The ancients said that there are three kinds of unfilial piety, Ah Yi is obedient, trapped in relatives and unjust, and one is not filial. The family is poor and old, not for Lu Zhuang, and the second is not filial. If you don't gather and have no children, you will never be an ancestor, and you will not be filial, one of which is a bend to obey, trapping relatives and injustice, and one is not filial, so in the face of quarrels between parents, it seems to be a dilemma on the surface as a child, and it is not good to help anyone, but the key is who you don't need to help, and the key is where you are willing to be? >>>More
I think it is very important for men and women to have equal status in marriage, once you blindly please each other in marriage, you will often not be cherished by the other party, but will cause their disgust and disgust. I think there are three main reasons for this. <> >>>More
Master Yue Mei believes that the formation of baldness is mostly due to the erosion of hair roots (head) on the top of the head by water vapor (moisture), causing the hair roots to rot and wither. Poria cocos can go up to seep water and get wet, and when it gets wet, it will occur, although it is not directly generated, but it is also in line with the ** law of "first its cause, and its master". Poria cocos has Poria cocos, red Poria cocos, white Poria cocos, Yun Ling skin, Mr. Yue Meizhong caused by Poria cocos (spleen and dampness), in Chinese medicine, if not indicated, generally refers to Poria cocos.

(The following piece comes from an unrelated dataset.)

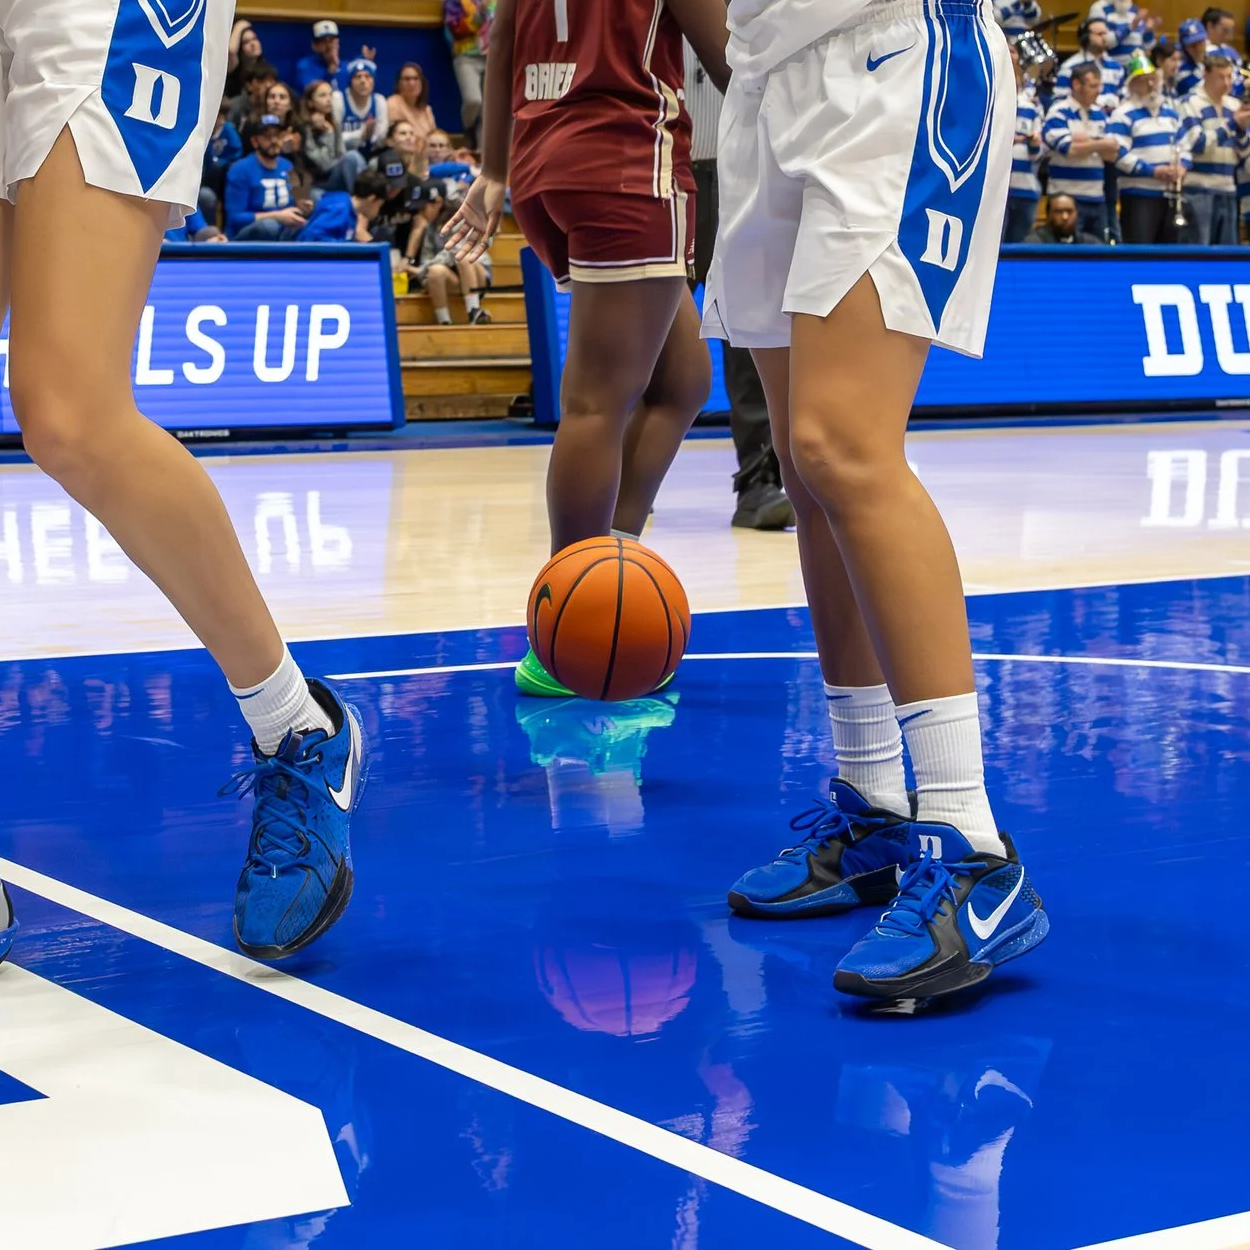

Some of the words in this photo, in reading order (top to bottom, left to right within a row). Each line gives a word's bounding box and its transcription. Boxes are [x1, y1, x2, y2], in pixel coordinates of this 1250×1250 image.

When I was a child, I used the breakfast money saved to buy a nest of silkworms sold by the old lady under the old pine tree at the school gate, and kept them in the waste shoebox at home. Later, when my family wanted to throw it, I was not happy, but I was helpless. That may have been the first compromise in my memory, and then, for some reason, in various circumstances, I bowed my head countless times, saying that it was a compromise, and then I also understood why I compromised and who gave in.
In marriage, you must not blindly compromise and give in, which will only make the other party gain an inch, and it will also make you feel very tired, so that you will have a greater distance from each other.